→ **PROBLEM REQUIREMENTS**: Could you please transcribe the data exactly, without the pictures?

------ EXTRACTED DATA ------

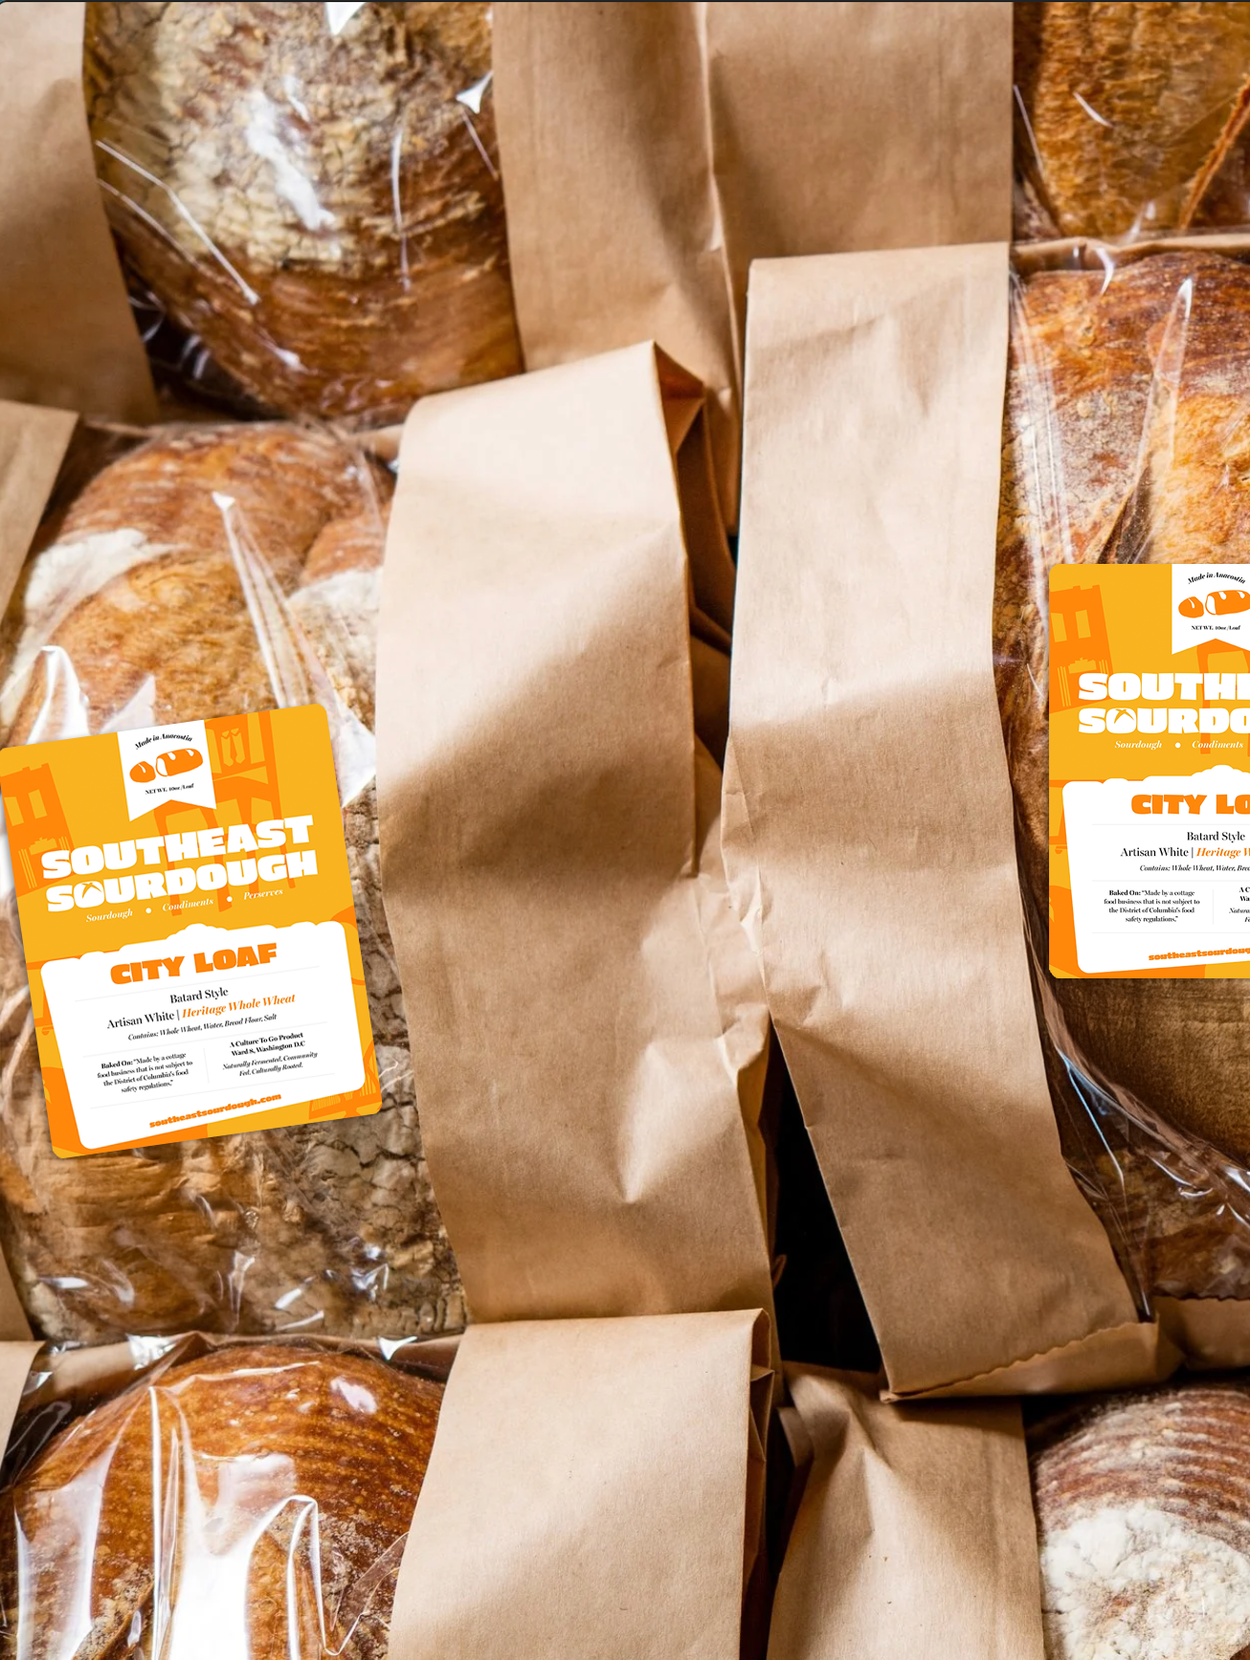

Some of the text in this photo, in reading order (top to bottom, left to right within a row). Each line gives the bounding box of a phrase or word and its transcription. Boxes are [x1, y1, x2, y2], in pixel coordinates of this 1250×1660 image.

[1187, 573, 1205, 583] Made
[1215, 571, 1245, 583] Anacostia
[134, 737, 152, 748] Made
[161, 733, 192, 741] Anacostia
[1114, 740, 1162, 751] Sourdough
[1191, 740, 1244, 749] Condiments
[1130, 793, 1207, 815] CITY
[1187, 830, 1245, 843] Batard Style
[40, 814, 313, 879] SOUTHEAST
[1120, 847, 1156, 856] Artisan
[1158, 846, 1188, 856] White
[1196, 847, 1241, 859] Heritage
[45, 849, 318, 912] SOURDOUGH
[1161, 889, 1168, 897] by
[85, 889, 283, 922] Sourdough Condiments Perserves
[1172, 898, 1192, 906] subject
[1125, 915, 1141, 923] safety
[109, 942, 277, 985] CITY LOAF
[169, 986, 228, 1003] Batard Style
[107, 994, 295, 1029] Artisan White Heritage Whole Wheat
[127, 1031, 158, 1040] Contains:
[159, 1027, 179, 1035] Whole
[224, 1017, 247, 1027] Bread
[244, 1016, 263, 1024] Flour,
[263, 1013, 276, 1021] Salt
[278, 1032, 303, 1040] Product
[231, 1048, 248, 1056] Ward
[255, 1043, 292, 1052] Washington
[223, 1060, 250, 1069] Naturally
[282, 1052, 317, 1061] Community
[251, 1065, 281, 1074] Culturally
[148, 1093, 281, 1128] southeastsourdough.com
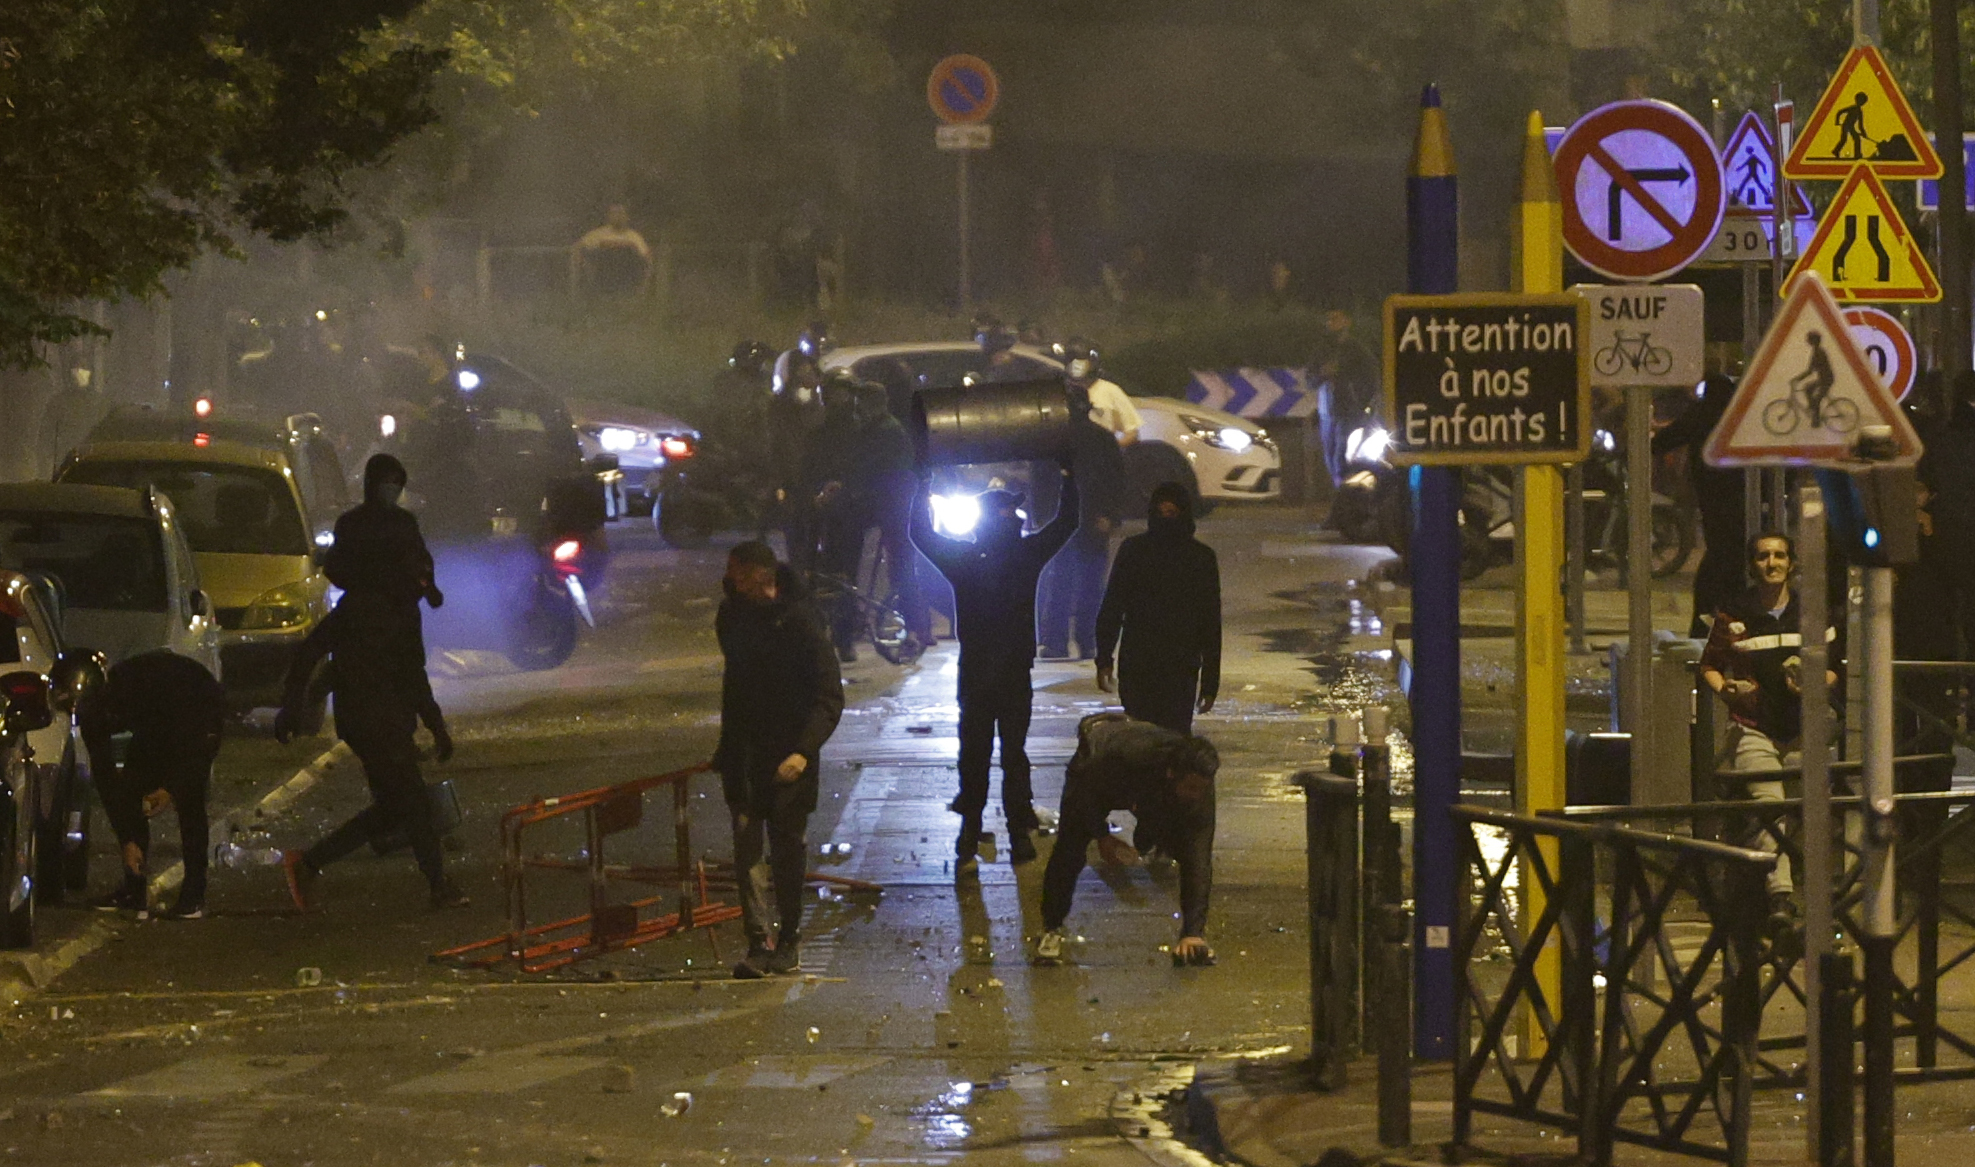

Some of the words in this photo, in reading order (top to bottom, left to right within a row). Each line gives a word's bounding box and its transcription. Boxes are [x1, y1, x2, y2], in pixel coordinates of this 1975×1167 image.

[1600, 296, 1667, 320] SAUF
[1398, 313, 1573, 352] Attention
[1440, 357, 1460, 398] à
[1472, 366, 1531, 397] nos
[1865, 344, 1887, 377] 0
[1406, 402, 1546, 446] Enfants
[1559, 400, 1566, 441] !

------

→ **TASK SOLUTION**:
Some of the text in this photo, in reading order (top to bottom, left to right within a row). Each line gives the bounding box of a phrase or word and its transcription. Boxes are [x1, y1, x2, y2], in pixel coordinates of this 1250×1660 image.

[1187, 573, 1205, 583] Made
[1215, 571, 1245, 583] Anacostia
[134, 737, 152, 748] Made
[161, 733, 192, 741] Anacostia
[1114, 740, 1162, 751] Sourdough
[1191, 740, 1244, 749] Condiments
[1130, 793, 1207, 815] CITY
[1187, 830, 1245, 843] Batard Style
[40, 814, 313, 879] SOUTHEAST
[1120, 847, 1156, 856] Artisan
[1158, 846, 1188, 856] White
[1196, 847, 1241, 859] Heritage
[45, 849, 318, 912] SOURDOUGH
[1161, 889, 1168, 897] by
[85, 889, 283, 922] Sourdough Condiments Perserves
[1172, 898, 1192, 906] subject
[1125, 915, 1141, 923] safety
[109, 942, 277, 985] CITY LOAF
[169, 986, 228, 1003] Batard Style
[107, 994, 295, 1029] Artisan White Heritage Whole Wheat
[127, 1031, 158, 1040] Contains:
[159, 1027, 179, 1035] Whole
[224, 1017, 247, 1027] Bread
[244, 1016, 263, 1024] Flour,
[263, 1013, 276, 1021] Salt
[278, 1032, 303, 1040] Product
[231, 1048, 248, 1056] Ward
[255, 1043, 292, 1052] Washington
[223, 1060, 250, 1069] Naturally
[282, 1052, 317, 1061] Community
[251, 1065, 281, 1074] Culturally
[148, 1093, 281, 1128] southeastsourdough.com

Some of the words in this photo, in reading order (top to bottom, left to right within a row). Each line gives a word's bounding box and its transcription. Boxes are [x1, y1, x2, y2], in pixel coordinates of this 1975×1167 image.

[1600, 296, 1667, 320] SAUF
[1398, 313, 1573, 352] Attention
[1440, 357, 1460, 398] à
[1472, 366, 1531, 397] nos
[1865, 344, 1887, 377] 0
[1406, 402, 1546, 446] Enfants
[1559, 400, 1566, 441] !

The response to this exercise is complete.